(MATERIAL FOR THIS TASK)

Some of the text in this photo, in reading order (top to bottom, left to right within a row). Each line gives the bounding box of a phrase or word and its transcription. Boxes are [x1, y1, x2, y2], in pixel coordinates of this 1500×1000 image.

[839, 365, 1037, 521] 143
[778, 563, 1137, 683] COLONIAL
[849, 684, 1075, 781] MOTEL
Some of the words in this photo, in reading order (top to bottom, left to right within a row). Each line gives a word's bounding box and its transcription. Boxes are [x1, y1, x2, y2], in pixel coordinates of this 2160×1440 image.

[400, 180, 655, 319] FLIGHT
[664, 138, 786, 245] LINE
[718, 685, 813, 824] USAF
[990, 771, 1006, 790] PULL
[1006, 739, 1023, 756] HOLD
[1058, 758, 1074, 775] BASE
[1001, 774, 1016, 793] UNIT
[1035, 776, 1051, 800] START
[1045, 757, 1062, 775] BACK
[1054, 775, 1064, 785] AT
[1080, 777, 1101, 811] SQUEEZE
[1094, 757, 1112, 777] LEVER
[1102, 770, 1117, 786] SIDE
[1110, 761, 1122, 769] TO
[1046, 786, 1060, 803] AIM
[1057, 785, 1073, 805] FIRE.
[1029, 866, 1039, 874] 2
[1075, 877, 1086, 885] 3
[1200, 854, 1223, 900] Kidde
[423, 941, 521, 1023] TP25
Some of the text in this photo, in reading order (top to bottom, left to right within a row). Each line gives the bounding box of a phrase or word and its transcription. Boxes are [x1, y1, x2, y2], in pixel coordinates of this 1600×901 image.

(End MATERIAL FOR THIS TASK)

-- WHAT YOU HAVE TO DO --
Retype every record above exactly as it appears.

-- FINISHED EXERCISE --
Some of the text in this photo, in reading order (top to bottom, left to right within a row). Each line gives the bounding box of a phrase or word and its transcription. Boxes are [x1, y1, x2, y2], in pixel coordinates of this 1500×1000 image.

[839, 365, 1037, 521] 143
[778, 563, 1137, 683] COLONIAL
[849, 684, 1075, 781] MOTEL
Some of the words in this photo, in reading order (top to bottom, left to right within a row). Each line gives a word's bounding box and its transcription. Boxes are [x1, y1, x2, y2], in pixel coordinates of this 2160×1440 image.

[400, 180, 655, 319] FLIGHT
[664, 138, 786, 245] LINE
[718, 685, 813, 824] USAF
[990, 771, 1006, 790] PULL
[1006, 739, 1023, 756] HOLD
[1058, 758, 1074, 775] BASE
[1001, 774, 1016, 793] UNIT
[1035, 776, 1051, 800] START
[1045, 757, 1062, 775] BACK
[1054, 775, 1064, 785] AT
[1080, 777, 1101, 811] SQUEEZE
[1094, 757, 1112, 777] LEVER
[1102, 770, 1117, 786] SIDE
[1110, 761, 1122, 769] TO
[1046, 786, 1060, 803] AIM
[1057, 785, 1073, 805] FIRE.
[1029, 866, 1039, 874] 2
[1075, 877, 1086, 885] 3
[1200, 854, 1223, 900] Kidde
[423, 941, 521, 1023] TP25
Some of the text in this photo, in reading order (top to bottom, left to right within a row). Each line gives the bounding box of a phrase or word and its transcription. Boxes are [x1, y1, x2, y2], in pixel coordinates of this 1600×901 image.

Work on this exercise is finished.